(Di bab ini terdapat adegan pelecehan yang dapat memicu ketidaknyamanan bagi pembaca. Disarankan kebijakan dalam membaca.)
Sarapan berlanjut dengan ramai karena kedua pemuda kaya itu merasakan pengalaman baru. Setelah itu Gaska berangkat kerja bersama Surya yang minta tolong diantarkan ke suatu tempat. Rumah yang tadinya ramai langsung terasa sepi. Indra memanfaatkan kesempatan ini untuk bersih-bersih dan mencuci pakaian.
"Mau digorengkan ayam jam berapa?" Indra mengirim pesan ke nomor Surya. Sebentar lagi waktu ibadah siang, Indra mau sekalian mandi lalu beristirahat sebelum berangkat ke kafe.
"Sekarang nggak apa. Sudah arah pulang." Balas Surya beberapa menit kemudian.
Selain menggoreng ayam, Indra sekalian menumis sayuran dan menanak nasi. Dia puas, saat semua sudah selesai. Meski perlu waktu lebih lama untuk bersih-bersih dan Indra baru sempat membereskan lantai satu saja termasuk menyiram tanaman.
Selesai ibadah siang, Indra mendengar Surya memanggilnya. Masih memakai sarung, Indra keluar mencari majikan mudanya yang sedang mengambil makan siang.
"Nyari saya, Mas?"
"Sudah makan, Mas?" Surya balik tanya.
"Sudah tadi habis beres-beres," jawab Indra.
Surya langsung meletakkan piring di tangannya dan menarik Indra ke ruang tamu dimana ada banyak tas kresek dan beberapa tas kertas.
"Tadi aku belanja, Mas. Terus inget Mas Indra. Ini buat Mas Indra."
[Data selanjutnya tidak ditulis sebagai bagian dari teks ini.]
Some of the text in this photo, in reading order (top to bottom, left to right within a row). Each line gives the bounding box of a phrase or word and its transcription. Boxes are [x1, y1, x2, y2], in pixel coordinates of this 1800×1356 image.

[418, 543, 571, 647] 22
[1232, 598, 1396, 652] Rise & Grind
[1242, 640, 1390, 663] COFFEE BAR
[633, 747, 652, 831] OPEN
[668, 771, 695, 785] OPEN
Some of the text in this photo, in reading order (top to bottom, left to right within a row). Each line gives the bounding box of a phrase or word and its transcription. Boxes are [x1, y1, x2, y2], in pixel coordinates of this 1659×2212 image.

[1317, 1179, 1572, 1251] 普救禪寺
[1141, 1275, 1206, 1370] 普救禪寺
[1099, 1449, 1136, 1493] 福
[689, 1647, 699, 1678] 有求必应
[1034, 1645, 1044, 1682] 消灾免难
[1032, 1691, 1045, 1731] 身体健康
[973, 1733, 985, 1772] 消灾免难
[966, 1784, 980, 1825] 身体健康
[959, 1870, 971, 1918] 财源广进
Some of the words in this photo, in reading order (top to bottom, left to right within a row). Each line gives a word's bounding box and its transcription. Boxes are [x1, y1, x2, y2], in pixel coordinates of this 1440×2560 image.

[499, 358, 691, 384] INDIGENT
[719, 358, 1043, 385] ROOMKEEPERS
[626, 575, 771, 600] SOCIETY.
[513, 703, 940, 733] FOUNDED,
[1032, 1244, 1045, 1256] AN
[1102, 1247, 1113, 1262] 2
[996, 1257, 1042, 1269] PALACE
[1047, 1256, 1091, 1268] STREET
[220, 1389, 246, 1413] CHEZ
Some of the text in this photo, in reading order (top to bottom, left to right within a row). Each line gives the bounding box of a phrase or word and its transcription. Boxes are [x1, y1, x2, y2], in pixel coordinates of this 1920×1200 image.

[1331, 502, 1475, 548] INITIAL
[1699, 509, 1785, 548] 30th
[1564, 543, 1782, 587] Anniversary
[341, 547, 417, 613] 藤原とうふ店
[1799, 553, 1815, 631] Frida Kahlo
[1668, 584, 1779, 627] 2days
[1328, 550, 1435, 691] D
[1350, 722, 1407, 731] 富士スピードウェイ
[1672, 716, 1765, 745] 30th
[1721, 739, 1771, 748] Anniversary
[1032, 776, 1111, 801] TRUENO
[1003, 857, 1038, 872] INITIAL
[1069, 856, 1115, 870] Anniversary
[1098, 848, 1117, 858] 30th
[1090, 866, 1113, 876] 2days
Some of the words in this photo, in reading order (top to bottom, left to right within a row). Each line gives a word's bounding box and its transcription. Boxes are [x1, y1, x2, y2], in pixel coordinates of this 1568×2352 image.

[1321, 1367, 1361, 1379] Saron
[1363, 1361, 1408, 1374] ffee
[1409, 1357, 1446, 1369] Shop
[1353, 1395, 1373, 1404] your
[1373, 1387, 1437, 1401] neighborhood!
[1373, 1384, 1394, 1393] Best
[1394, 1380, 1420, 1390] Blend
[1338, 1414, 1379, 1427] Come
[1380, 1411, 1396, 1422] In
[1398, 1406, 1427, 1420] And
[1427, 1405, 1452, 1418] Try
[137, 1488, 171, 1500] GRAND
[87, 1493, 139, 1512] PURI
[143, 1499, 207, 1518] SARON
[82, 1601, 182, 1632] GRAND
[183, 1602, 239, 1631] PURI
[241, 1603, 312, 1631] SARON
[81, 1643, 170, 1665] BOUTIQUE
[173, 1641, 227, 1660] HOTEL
"Makasih, Mas Surya. Lain kali nggak usah repot-repot," Indra menerima tas kertas yang sekilas berisi sesuatu berwarna merah.
"Panggil nama Surya aja, Mas. Anggap saja adik sendiri." Remaja yang tubuhnya lebih tinggi daripada Indra itu lalu menyodorkan seperangkat kunci. "Ini kunci serep buat gerbang, dapur, ruang tamu sama kamar Mas Indra. Kunci lainnya nyangkut di pintu. Jadi nggak bingung kalo aku sudah masuk sekolah nanti."
"Iya, terimakasih, Surya."
"Mas Indra kalo mau istirahat dulu, tolong sekalian bawakan belanjaannya ke kamarku, ya. Aku laper."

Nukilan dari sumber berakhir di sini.